Your instructions —
Exact reproduction of every record is required, and pictures are to be excluded.

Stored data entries
+-------+

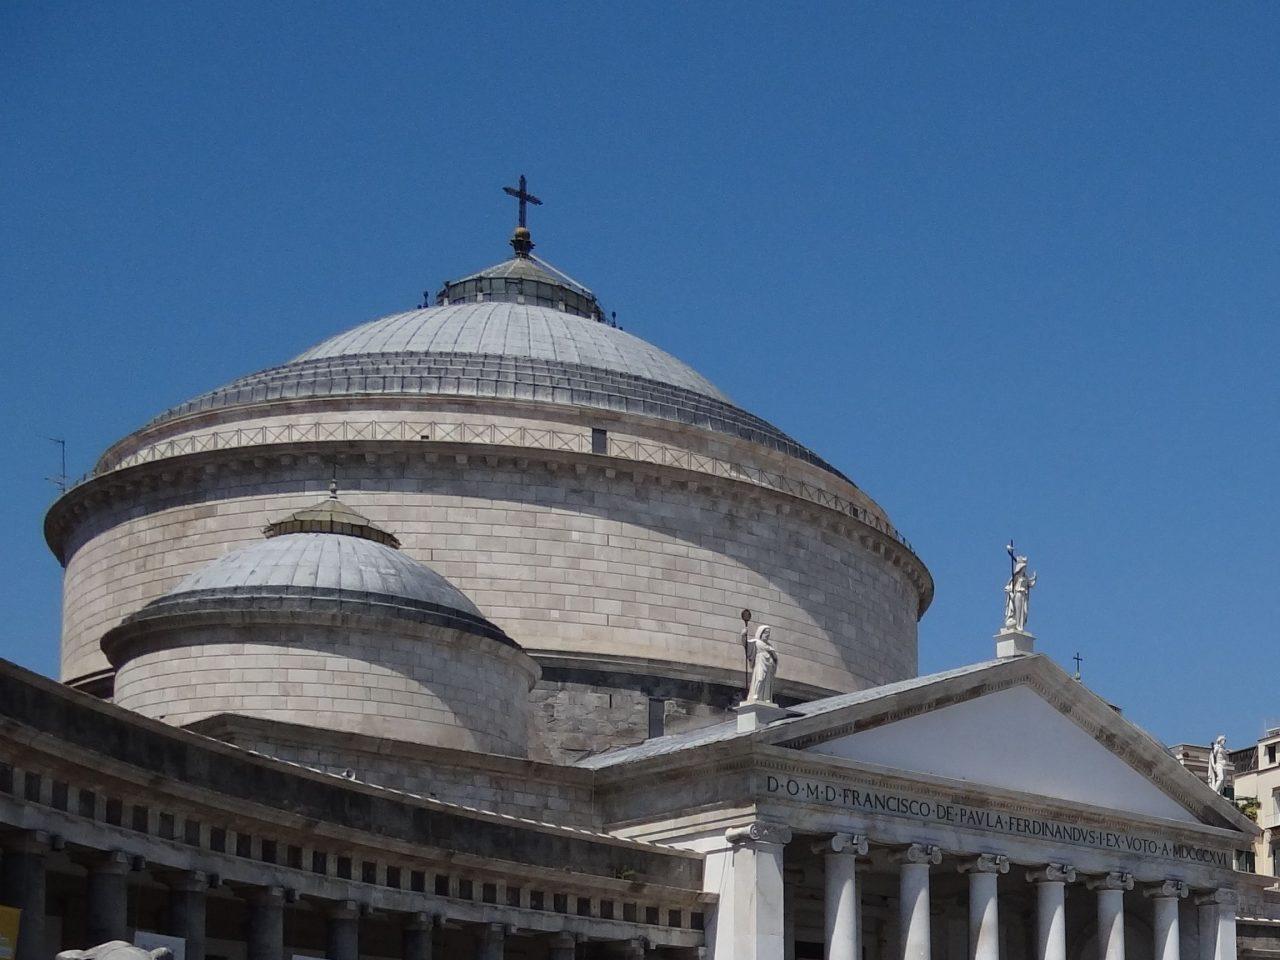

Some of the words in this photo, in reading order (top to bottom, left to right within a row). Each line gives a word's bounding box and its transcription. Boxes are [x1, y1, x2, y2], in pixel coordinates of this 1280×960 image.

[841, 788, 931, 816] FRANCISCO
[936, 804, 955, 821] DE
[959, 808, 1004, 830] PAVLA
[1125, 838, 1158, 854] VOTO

+-------+

Reply to the task —
Some of the words in this photo, in reading order (top to bottom, left to right within a row). Each line gives a word's bounding box and its transcription. Boxes are [x1, y1, x2, y2], in pixel coordinates of this 1280×960 image.

[841, 788, 931, 816] FRANCISCO
[936, 804, 955, 821] DE
[959, 808, 1004, 830] PAVLA
[1125, 838, 1158, 854] VOTO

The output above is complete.